With the economy’s drawbacks, it’s no doubt that fast food restaurants and industries are striving to stay alive. Using cheaper ingredients to make the food (or nasty concoctions) while filling up the dollar menu, both the producer and the customer benefit to this method. Wait, both, really? Of course not. No way that a customer who buys five cheeseburgers for a dollar a piece is benefitting; their dollars are merely going to waste for the medical issues later on. And what about the poor children too? In the end, they only grow up as teens adapting to this lifestyle, thinking that hamburgers and fries are part of a daily diet. With McDonald’s happy meal commercials aimed specifically at the young ones, busy hard working parents have no choice but to adhere to their children’s requests in order to silence their whining and move on to the next errand. As Kate Carnell stated in her article, “Truth on Childhood Obesity,” “It is not that our kids are eating too much, it’s just that they are not eating the right food.” They are not only eating the wrong food, but also growing up with this mistaken normal lifestyle. An article suggested that perhaps taxing junk food would be a good idea. But is that really realistic? The article stated that although there were some people losing weight in Denmark – the first country to actually implement such a tax – the weight gain ceased to exist in adults. That’s saying something. Key word: Adults.

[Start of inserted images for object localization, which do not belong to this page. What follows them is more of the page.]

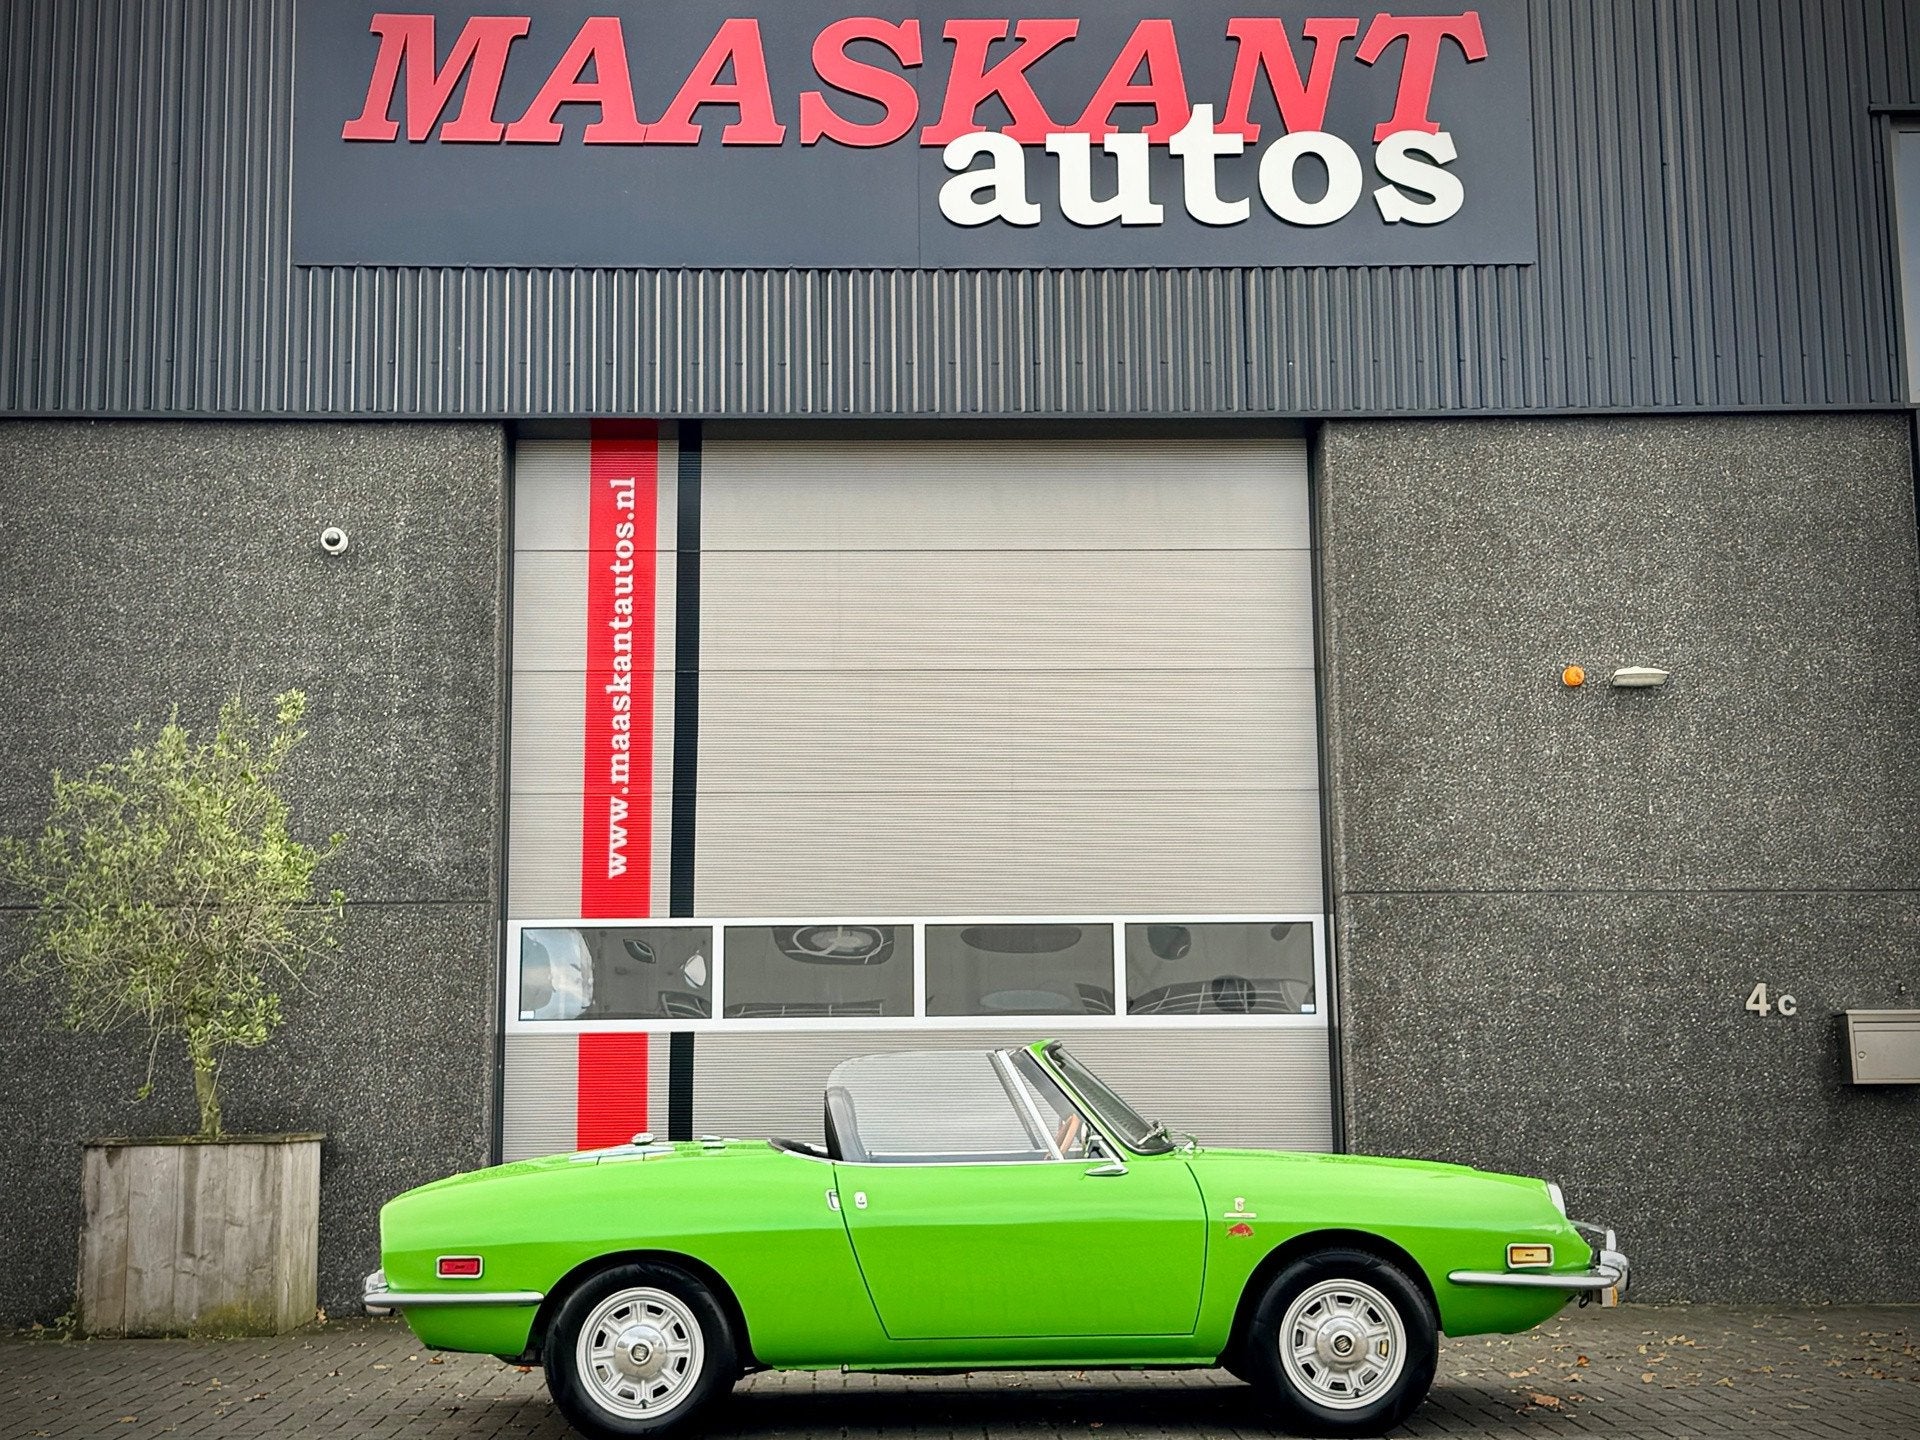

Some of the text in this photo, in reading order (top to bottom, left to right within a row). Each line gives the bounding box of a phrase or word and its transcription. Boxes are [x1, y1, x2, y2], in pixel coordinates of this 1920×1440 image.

[342, 11, 1488, 147] MAASKANT
[939, 103, 1464, 227] autos
[605, 476, 636, 879] www.maaskantautos.nl
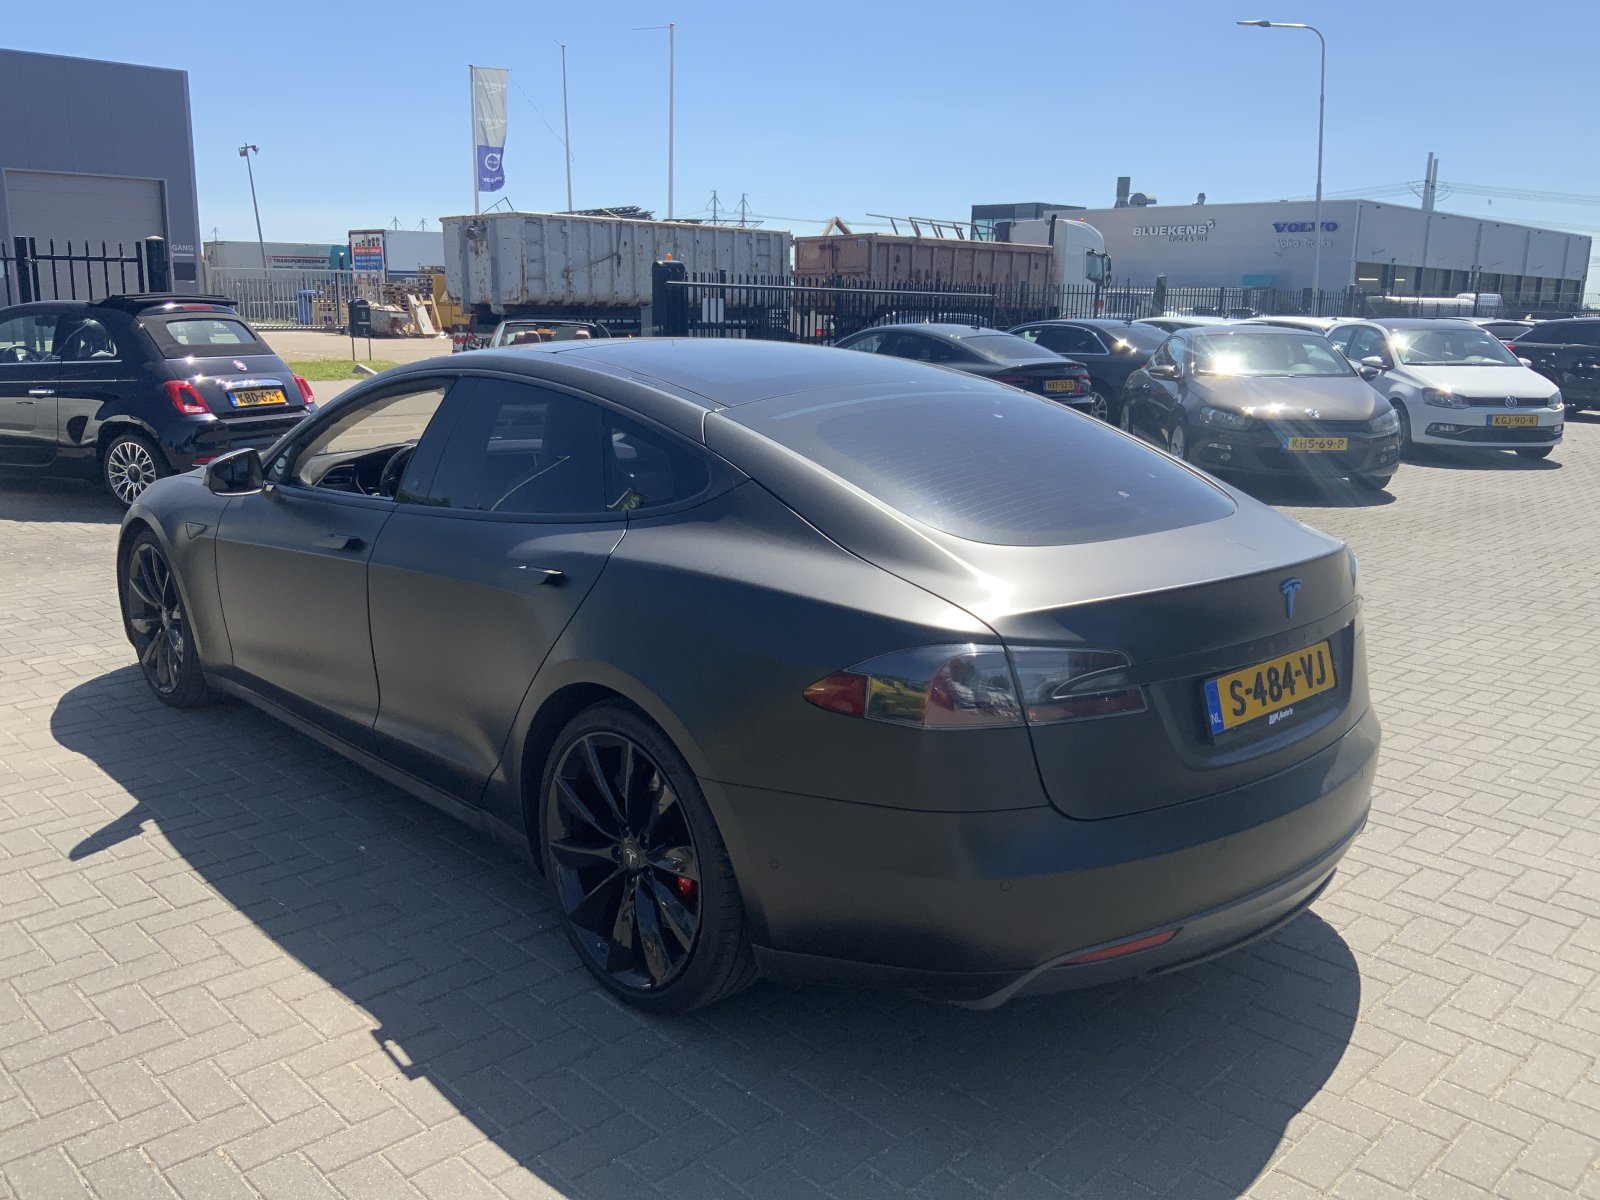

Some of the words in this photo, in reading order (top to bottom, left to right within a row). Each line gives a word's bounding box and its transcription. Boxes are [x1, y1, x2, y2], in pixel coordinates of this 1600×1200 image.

[1133, 224, 1208, 236] BLUEKENS
[1272, 222, 1338, 233] VOLVO
[1277, 239, 1300, 249] Volvo
[1304, 239, 1333, 249] Truks
[1292, 439, 1345, 449] KHS-69-P
[1229, 651, 1327, 717] S-484-VJ
[1210, 712, 1222, 725] NL
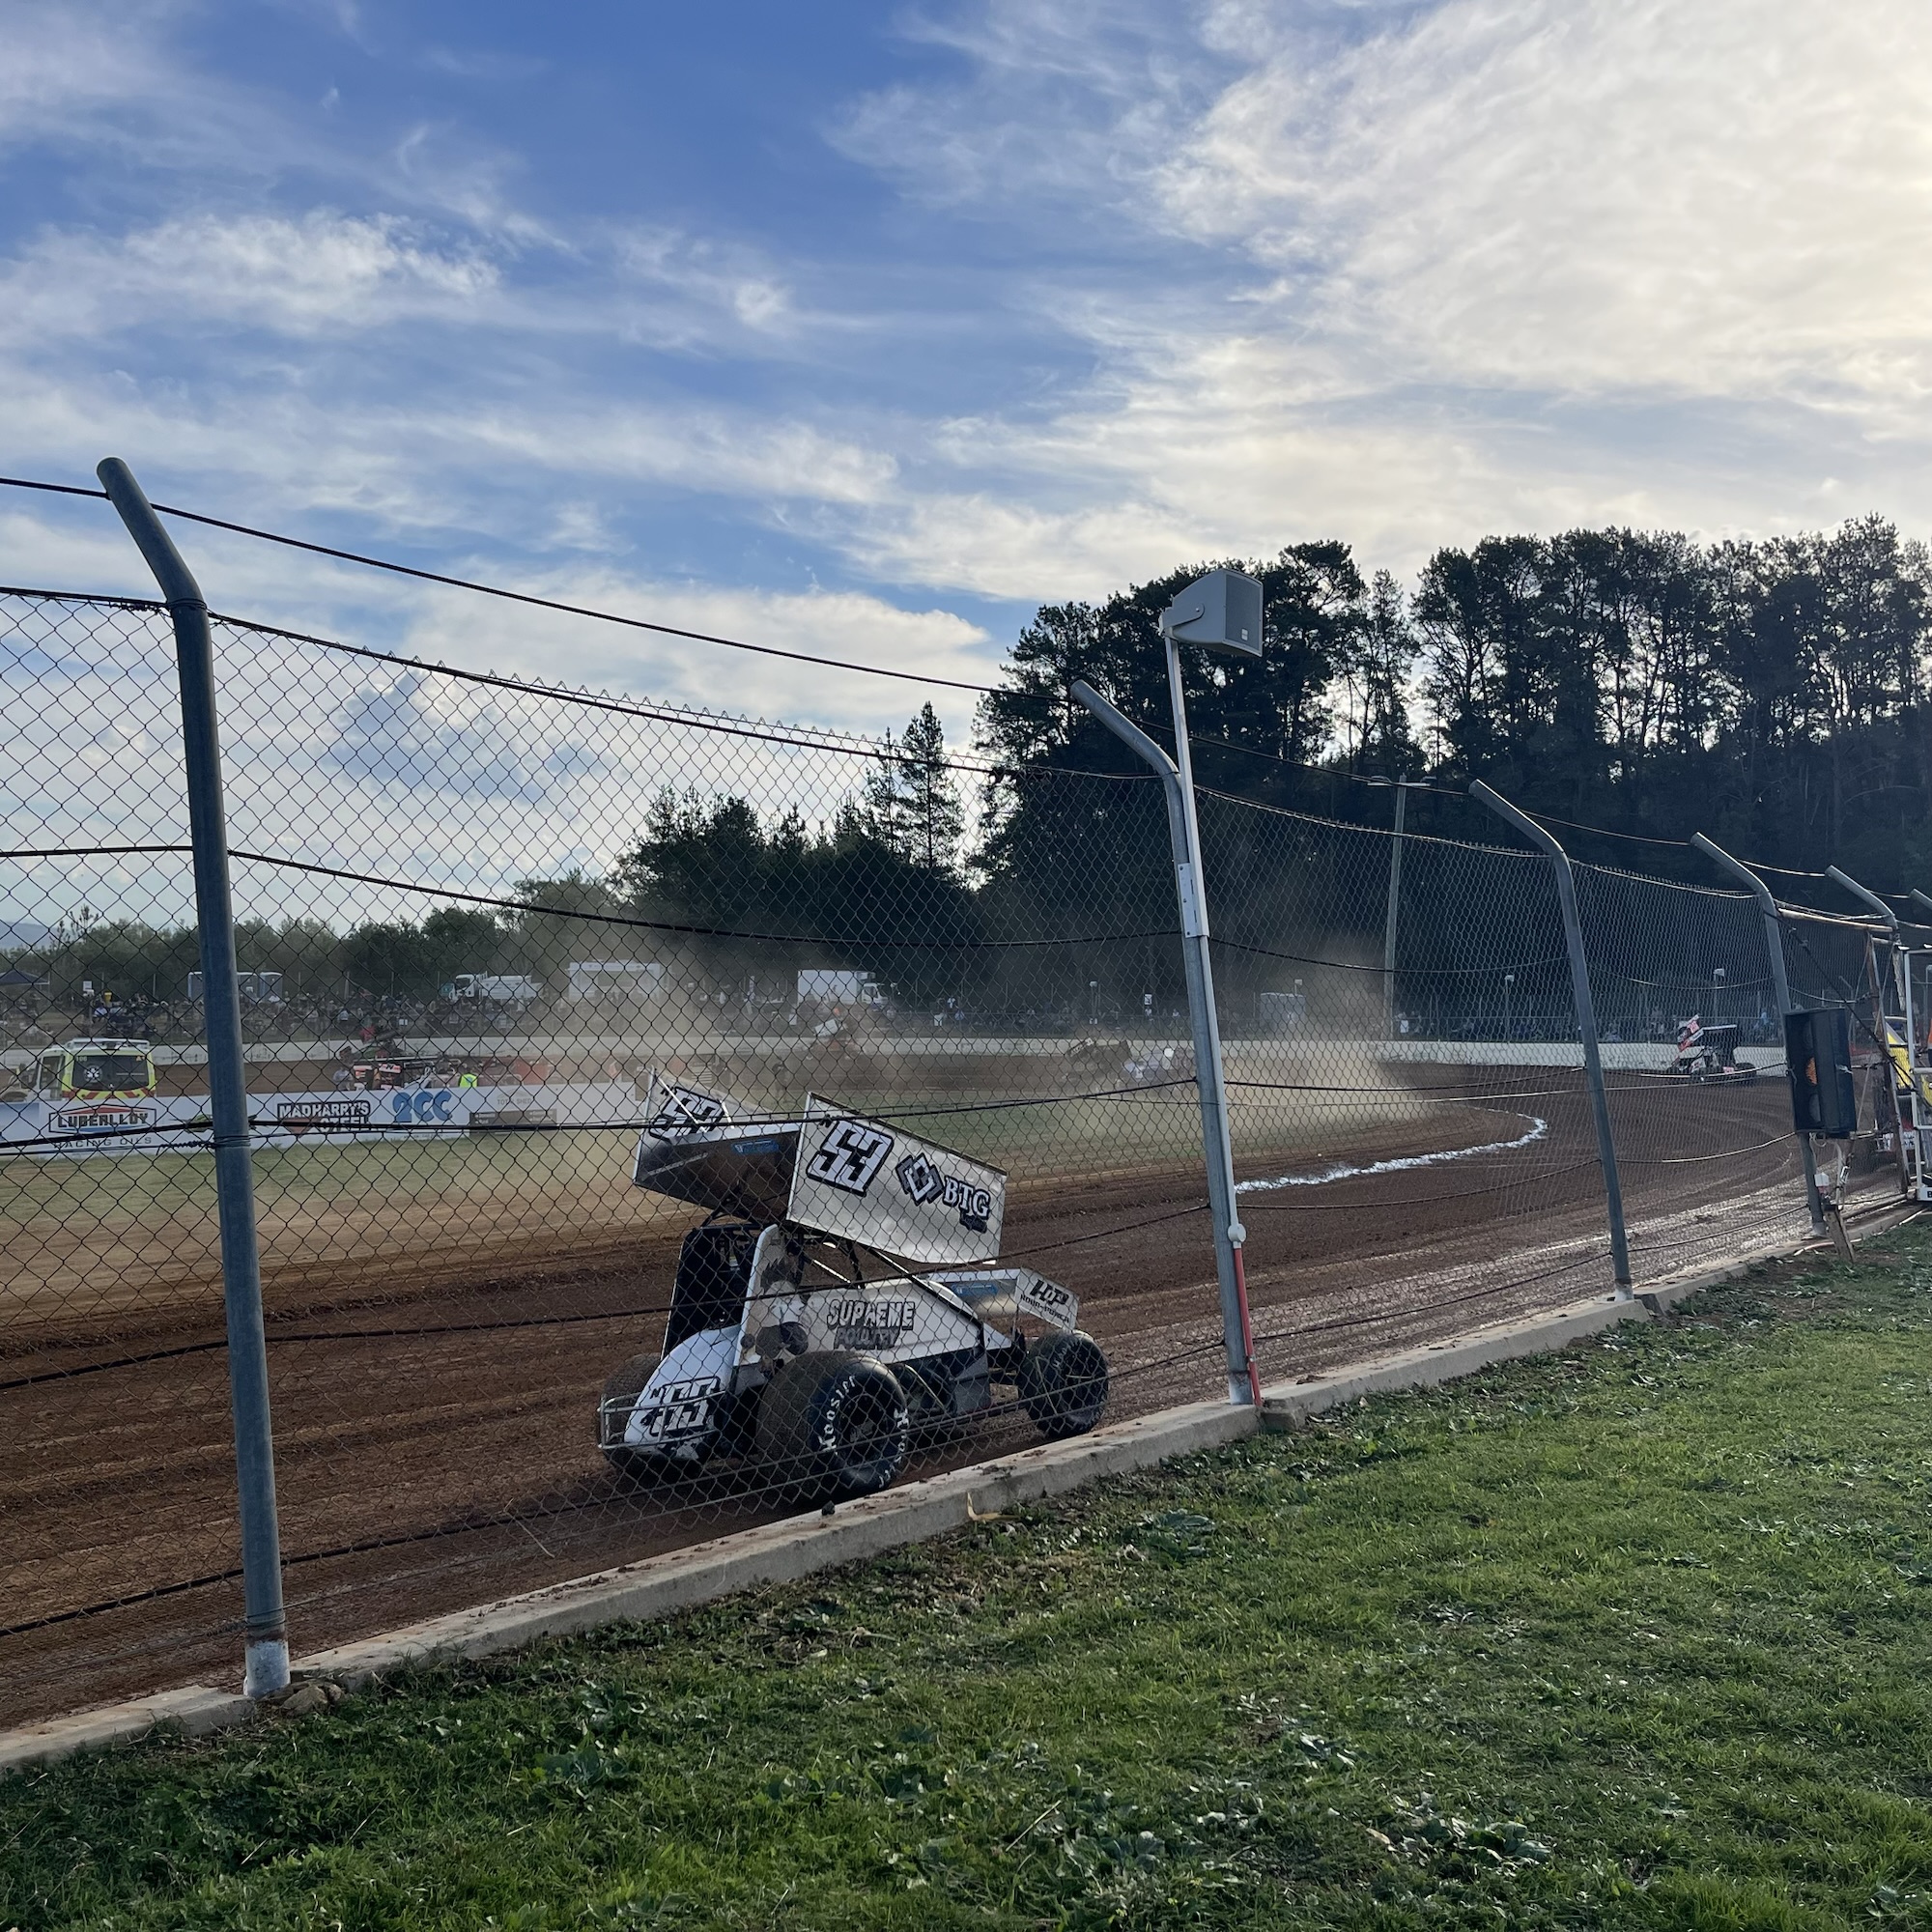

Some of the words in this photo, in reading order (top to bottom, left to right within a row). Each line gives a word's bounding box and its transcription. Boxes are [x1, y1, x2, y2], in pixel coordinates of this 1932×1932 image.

[279, 1102, 369, 1118] MADHARRY'S
[806, 1119, 895, 1197] 53
[942, 1175, 991, 1221] BTG
[827, 1299, 916, 1330] SUPREME

Pointing fingers and playing the blame game seems like the easiest go to solution, but it is only adding to the obesity problem. In two contrasting articles, both authors either rallied to the side of the government, or criticized it for its deficiency. Paul Krugman asserts his point in “Free to Choose.” He states, “Above all, we need to put aside our anti-government prejudices and realize that the history of government interventions on behalf of public heath, from the construction of sewer systems to the campaign against smoking, is one of consistent, life-enhancing success.” But in “Corn, Obesity, Subsides,” Patrick Basham states that President Obama’s support of the Healthy, Hunger Free Kids Act, which promotes corn and thus, high-fructose corn syrup – deemed as “liquid Satan” by anti-obesity campaigners – is not setting a very good example on the obesity issue. While both these authors make strong points, they’re ultimately wasting their time. Yes, citizens are not always going to agree with the government’s decisions, and yes, sometimes they will. But when teens have adapted to their childhood lifestyles and “One in four young adults cannot enlist to serve his or her country because he or she is too overweight,” smirking at one another’s opinions is not going to solve anything.

What we need to do, as Carnell says, is “come together in solid partnerships between parents, the community, industry, and government.” We need to educate. We need to campaign. We need to make this horrific obesity epidemic known and stop The Fat Losers group from growing. The government has to fund a few campaigns against obesity, just as they have done with smoking and drunk driving. But of course, as kids, being brain washed the same information over and over again won’t stop them from trying a cigarette or drinking some beer before heading home. This leads us back to our key word: Adults. Only parents have the most influence on their children. Take Michelle Obama, for instance, appearing on Disney Channel to compare a single sized serving of pasta to a supersized pasta plate. It’s about the exposure to our kids, reinforcement, and setting the example. Adult lifestyles directly affect the daily lives of our future generation today. Coming together will not cost us anything. In fact, it will only bring us closer to curing this epidemic. We can start at home, with the adults.